[Stored data entries]
:::::

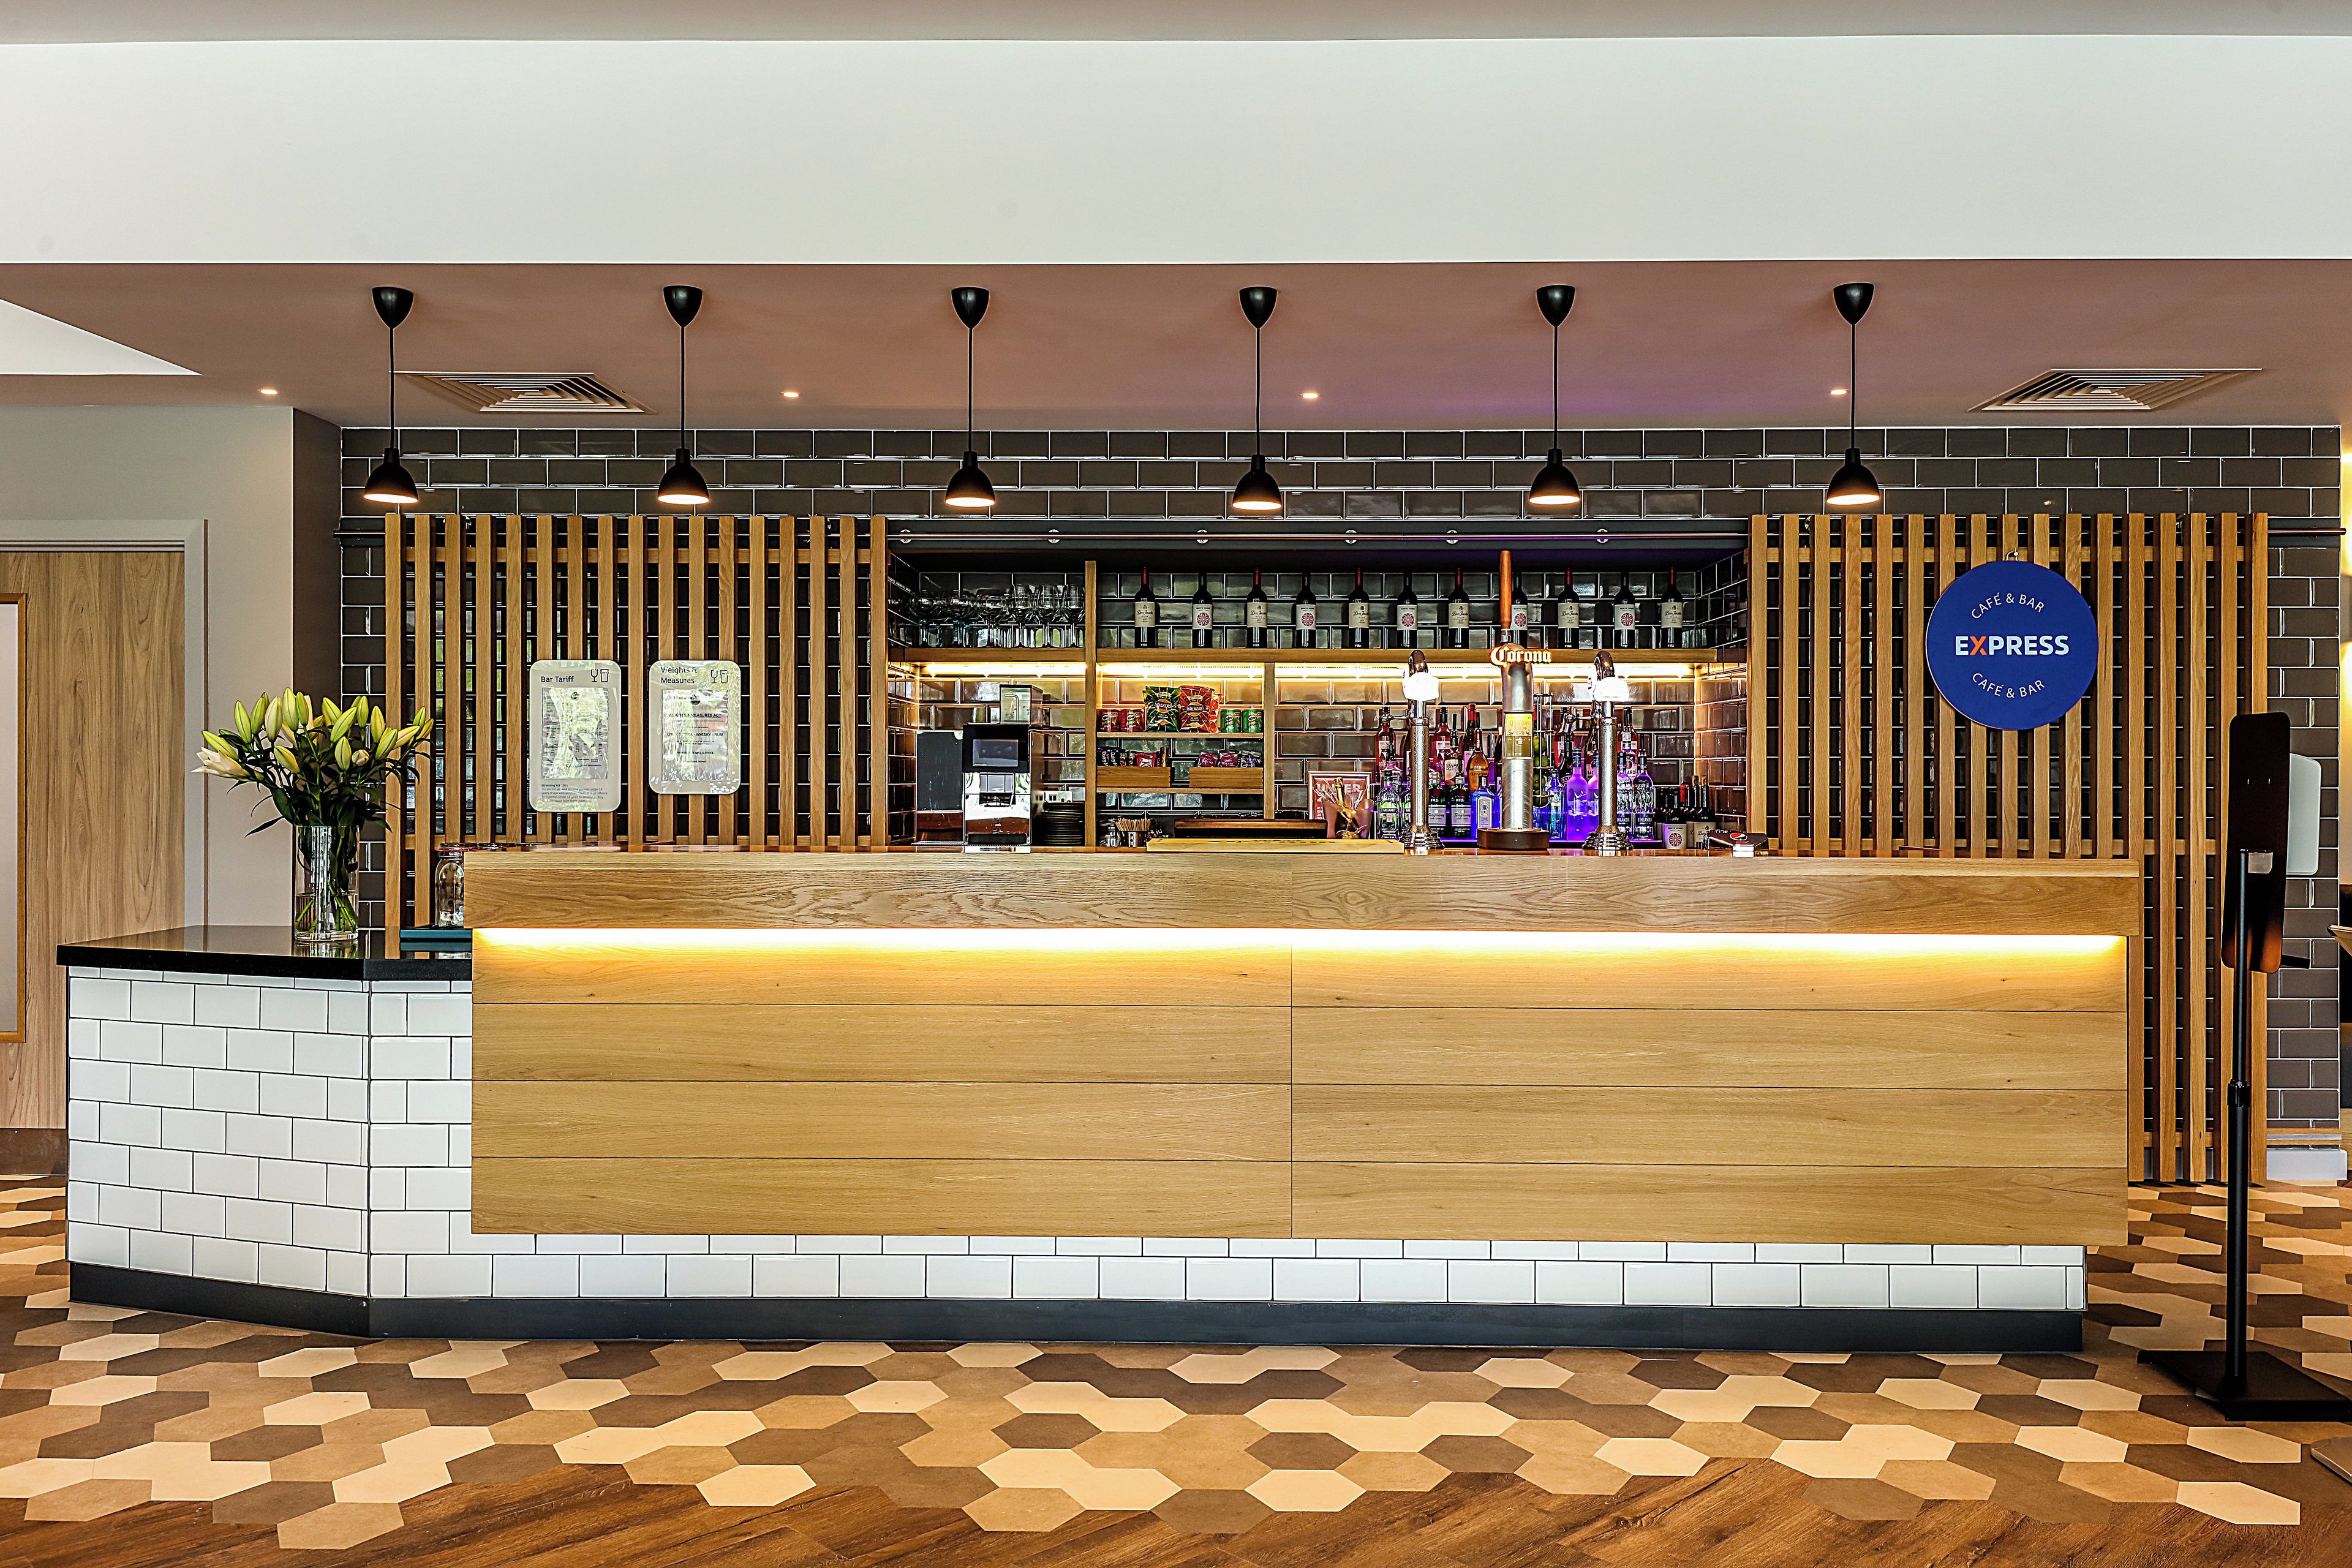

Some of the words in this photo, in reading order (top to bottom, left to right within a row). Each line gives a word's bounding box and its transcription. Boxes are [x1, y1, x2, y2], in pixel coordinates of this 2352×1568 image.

[1971, 592, 2002, 619] CAFÉ
[2006, 593, 2015, 603] &
[2019, 594, 2045, 612] BAR
[1955, 635, 2070, 655] EXPRESS
[1490, 646, 1551, 668] Corona
[661, 666, 690, 675] Weights
[1972, 673, 2004, 696] CAFÉ
[2006, 688, 2015, 698] &
[2019, 680, 2045, 697] BAR
[1317, 784, 1362, 793] UNER
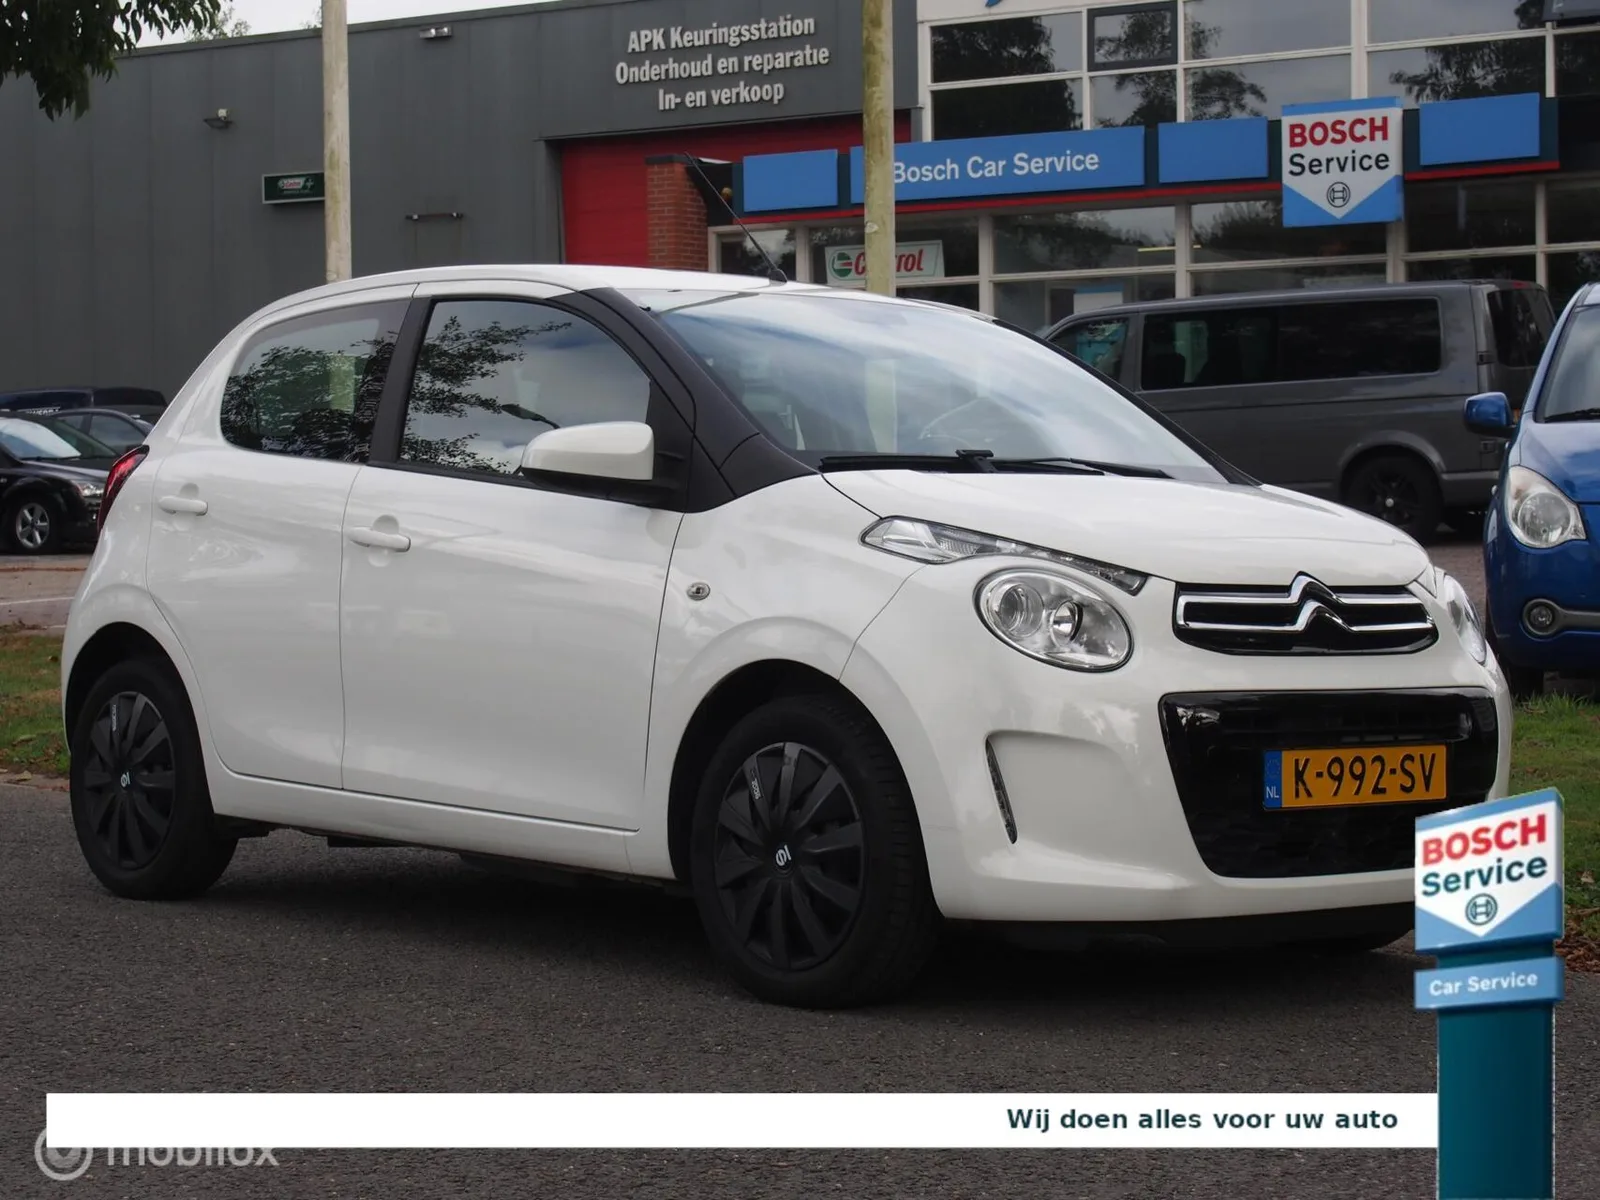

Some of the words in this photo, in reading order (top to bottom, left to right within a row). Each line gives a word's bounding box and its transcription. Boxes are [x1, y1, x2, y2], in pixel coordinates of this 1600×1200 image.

[627, 28, 666, 53] APK
[669, 14, 816, 49] Keuringsstation
[615, 54, 713, 84] Onderhoud
[717, 55, 739, 75] en
[743, 44, 830, 75] reparatie
[658, 89, 681, 111] In-
[684, 90, 706, 108] en
[711, 81, 785, 106] verkoop
[1288, 115, 1389, 148] BOSCH
[893, 158, 960, 183] Bosch
[966, 156, 1006, 179] Car
[1013, 150, 1100, 176] Service
[1288, 150, 1390, 177] Service
[854, 248, 924, 276] Crol
[1294, 753, 1436, 798] K-992-SV
[1266, 786, 1280, 799] NL

:::::

-- What is expected --
Each line from the one containing "this 1600×1200 image." through the last line of the entries above is to be returned exactly, and no others.

-- Response to the task --
Some of the words in this photo, in reading order (top to bottom, left to right within a row). Each line gives a word's bounding box and its transcription. Boxes are [x1, y1, x2, y2], in pixel coordinates of this 1600×1200 image.

[627, 28, 666, 53] APK
[669, 14, 816, 49] Keuringsstation
[615, 54, 713, 84] Onderhoud
[717, 55, 739, 75] en
[743, 44, 830, 75] reparatie
[658, 89, 681, 111] In-
[684, 90, 706, 108] en
[711, 81, 785, 106] verkoop
[1288, 115, 1389, 148] BOSCH
[893, 158, 960, 183] Bosch
[966, 156, 1006, 179] Car
[1013, 150, 1100, 176] Service
[1288, 150, 1390, 177] Service
[854, 248, 924, 276] Crol
[1294, 753, 1436, 798] K-992-SV
[1266, 786, 1280, 799] NL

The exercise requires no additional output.